# [Task details]
From the first line to the last, output the records exactly and drop any images.

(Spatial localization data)
>>>>
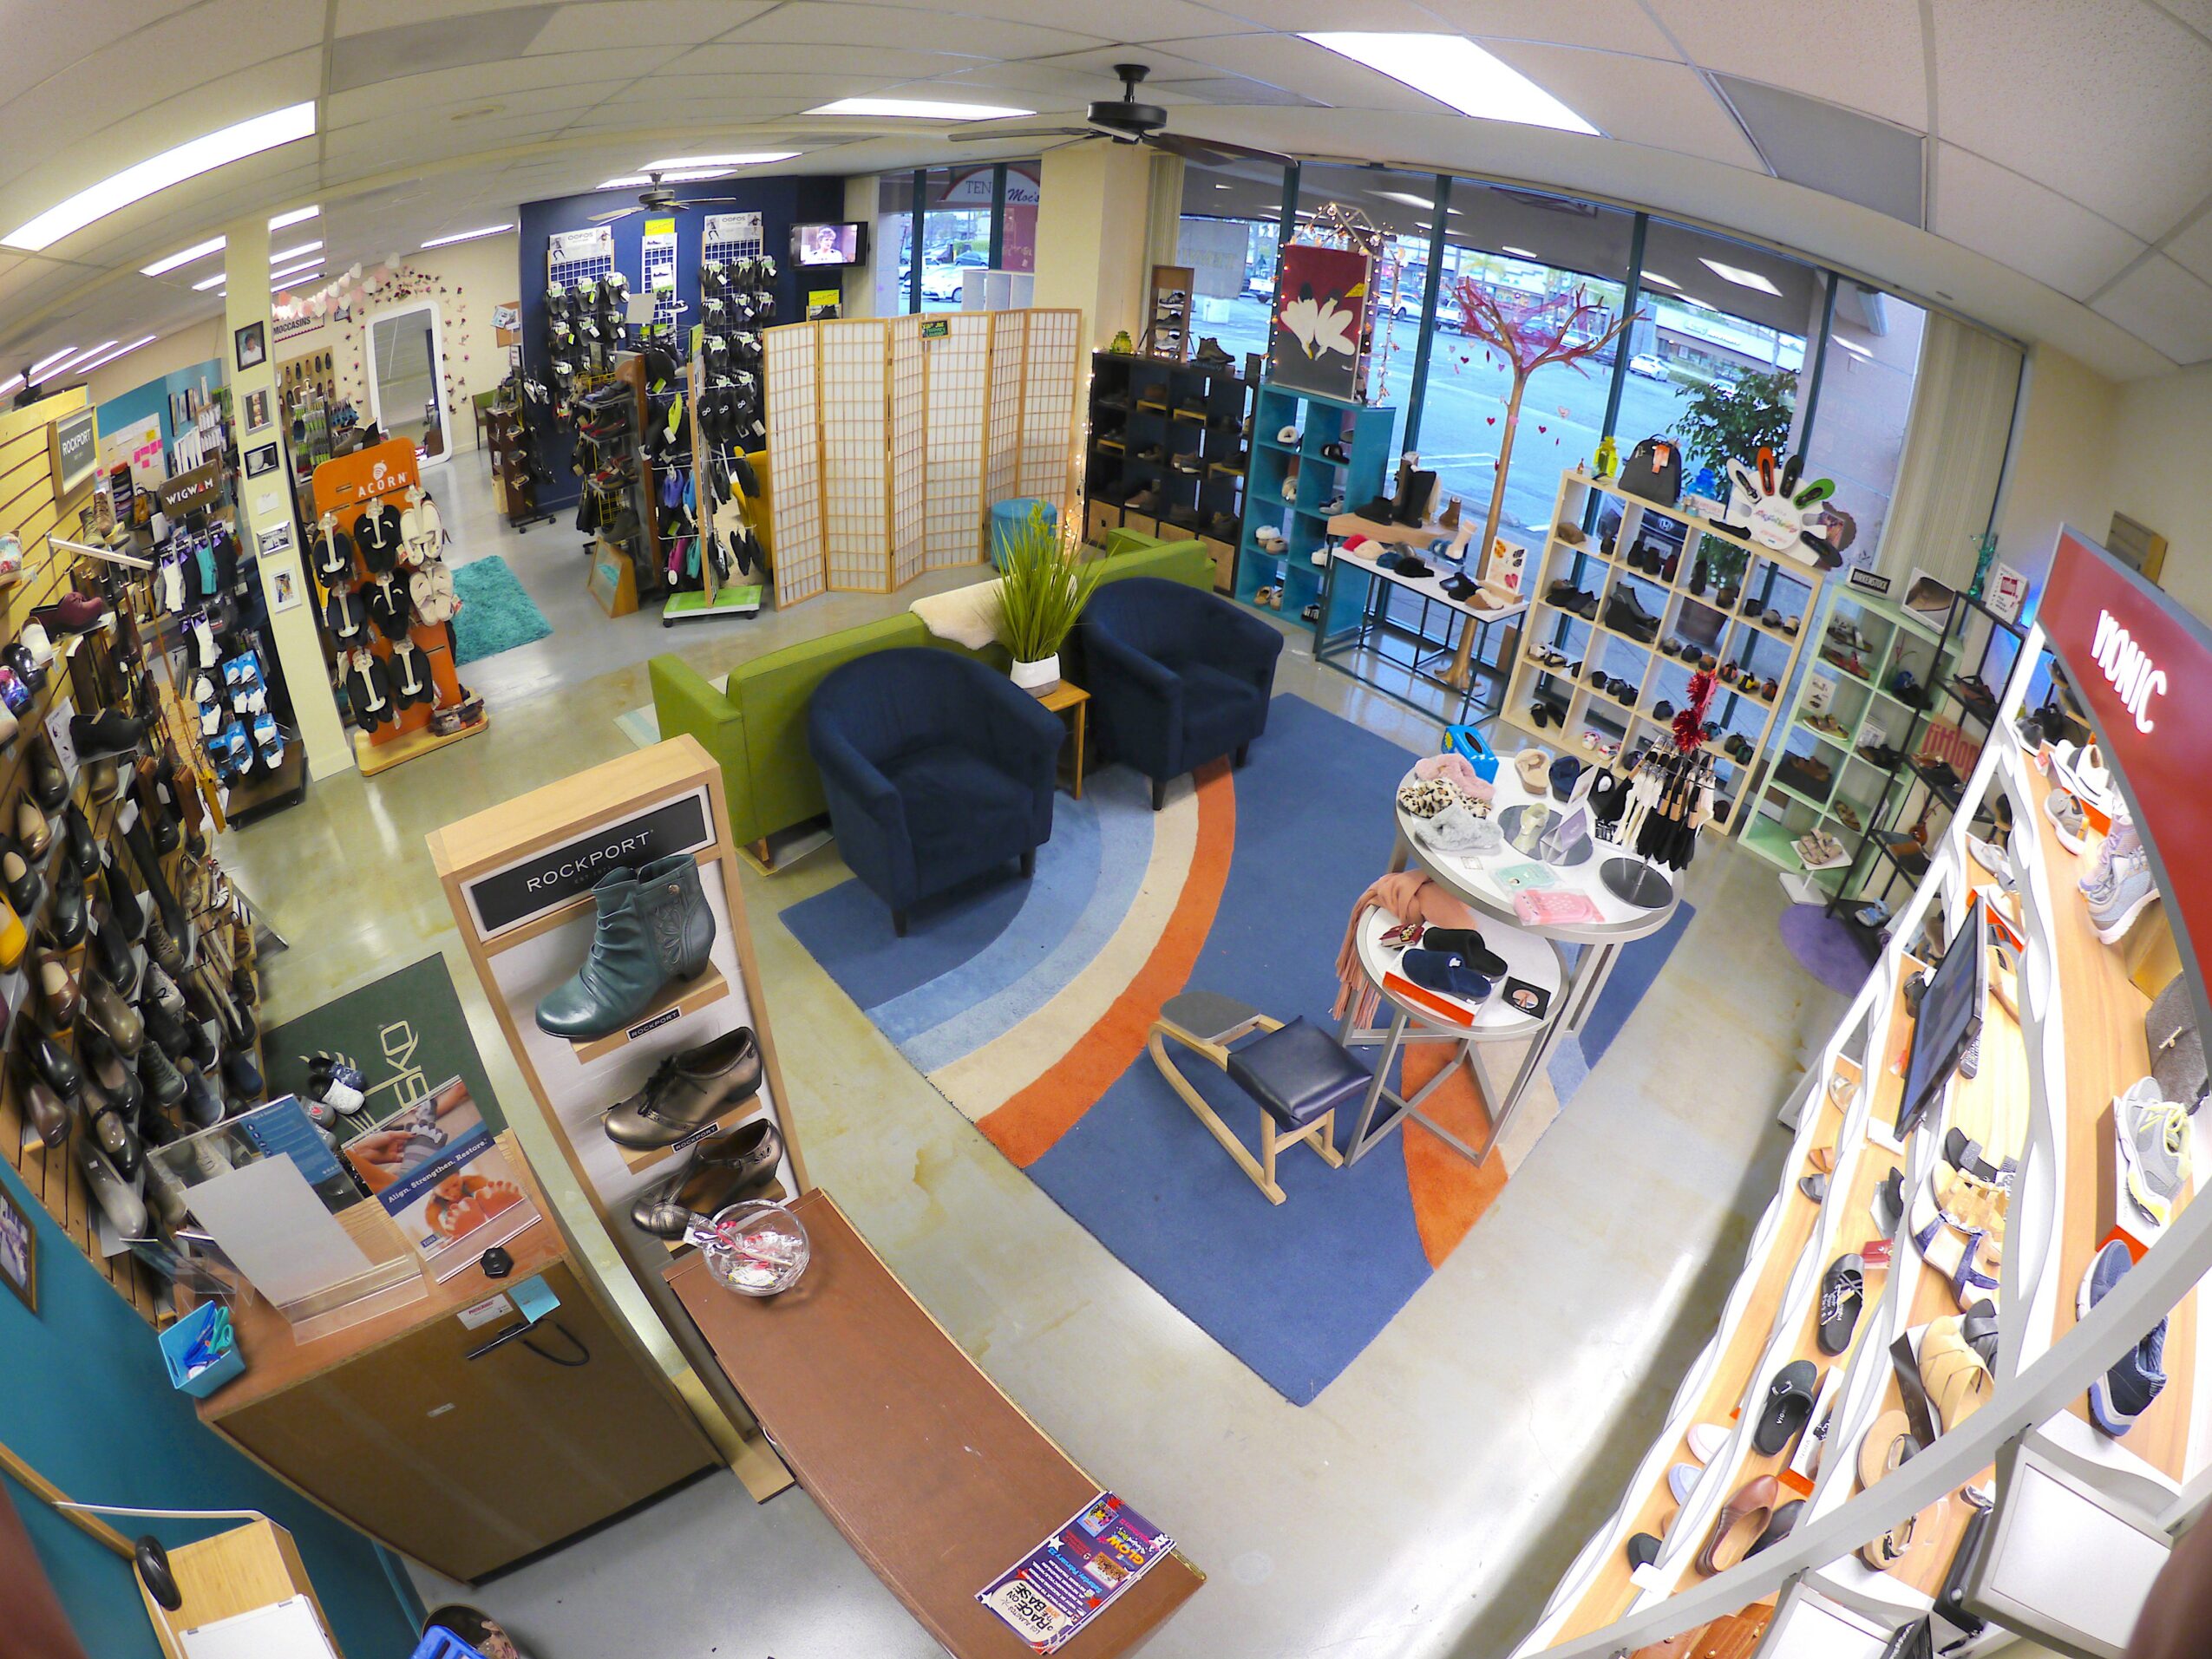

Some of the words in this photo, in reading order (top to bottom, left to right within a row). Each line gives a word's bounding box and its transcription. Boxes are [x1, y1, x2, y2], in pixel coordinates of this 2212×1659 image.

[272, 317, 311, 335] MOCCASINS
[62, 428, 91, 457] ROCKPORT
[358, 473, 407, 498] ACORN
[526, 831, 651, 893] ROCKPORT
[630, 1011, 678, 1038] ROCKPORT
[675, 1126, 717, 1152] ROCKPORT
[388, 1187, 412, 1204] Align.
[410, 1160, 456, 1189] Strengthen.
[1055, 1553, 1079, 1575] February
[1106, 1536, 1145, 1566] GLOW
[1077, 1571, 1103, 1594] Saturday,
[1005, 1590, 1019, 1603] ON
[1013, 1582, 1046, 1612] BASE
[1013, 1599, 1050, 1630] RACE
[1040, 1610, 1052, 1623] THE
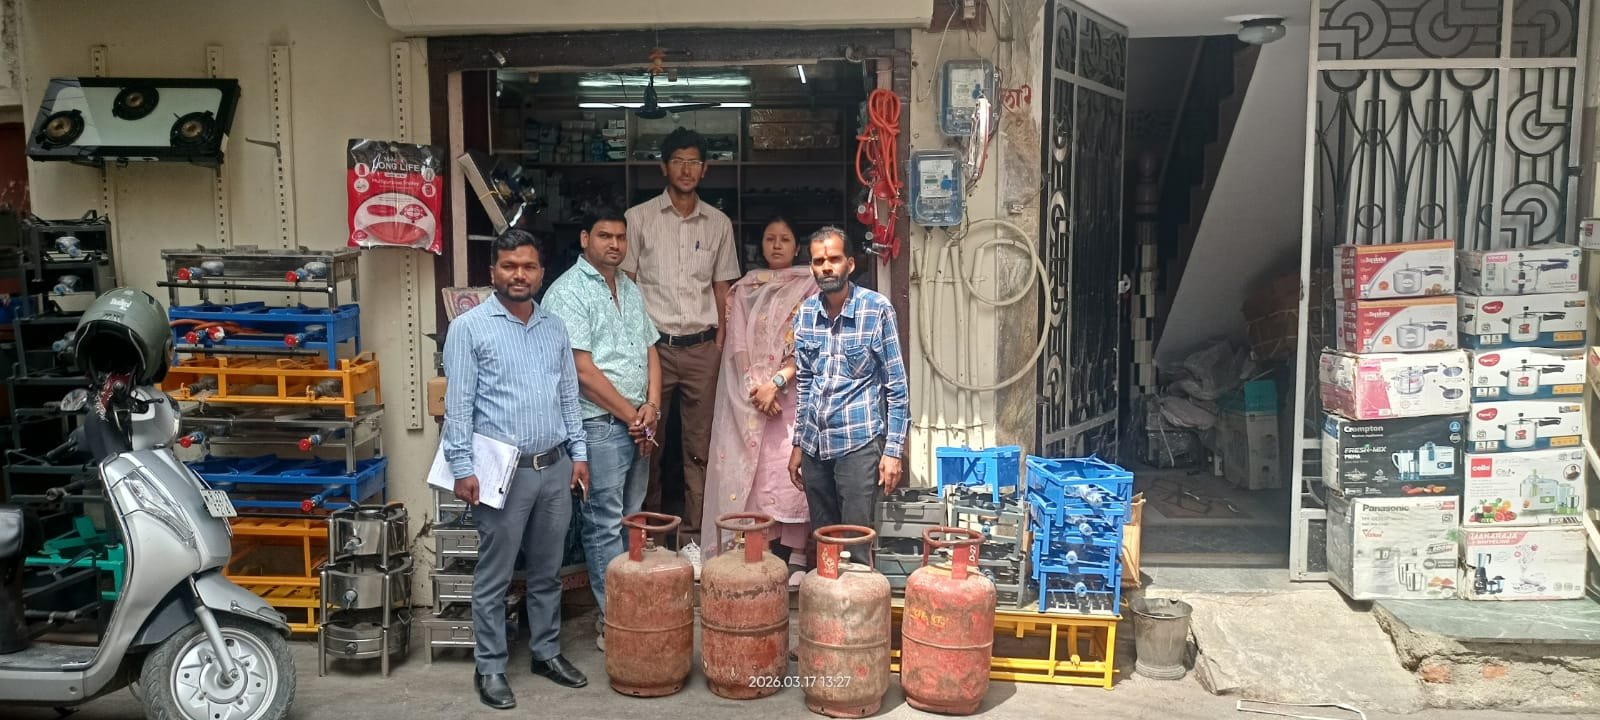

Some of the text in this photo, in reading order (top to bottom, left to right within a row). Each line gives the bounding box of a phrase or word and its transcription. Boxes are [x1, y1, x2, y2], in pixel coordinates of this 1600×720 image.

[400, 163, 420, 171] LIFE
[1472, 464, 1491, 472] cello
[1362, 503, 1409, 512] Panasonic
<<<<
# [Solution for this task]
Some of the words in this photo, in reading order (top to bottom, left to right within a row). Each line gives a word's bounding box and its transcription. Boxes are [x1, y1, x2, y2], in pixel coordinates of this 2212×1659 image.

[272, 317, 311, 335] MOCCASINS
[62, 428, 91, 457] ROCKPORT
[358, 473, 407, 498] ACORN
[526, 831, 651, 893] ROCKPORT
[630, 1011, 678, 1038] ROCKPORT
[675, 1126, 717, 1152] ROCKPORT
[388, 1187, 412, 1204] Align.
[410, 1160, 456, 1189] Strengthen.
[1055, 1553, 1079, 1575] February
[1106, 1536, 1145, 1566] GLOW
[1077, 1571, 1103, 1594] Saturday,
[1005, 1590, 1019, 1603] ON
[1013, 1582, 1046, 1612] BASE
[1013, 1599, 1050, 1630] RACE
[1040, 1610, 1052, 1623] THE

Some of the text in this photo, in reading order (top to bottom, left to right within a row). Each line gives the bounding box of a phrase or word and its transcription. Boxes are [x1, y1, x2, y2], in pixel coordinates of this 1600×720 image.

[400, 163, 420, 171] LIFE
[1472, 464, 1491, 472] cello
[1362, 503, 1409, 512] Panasonic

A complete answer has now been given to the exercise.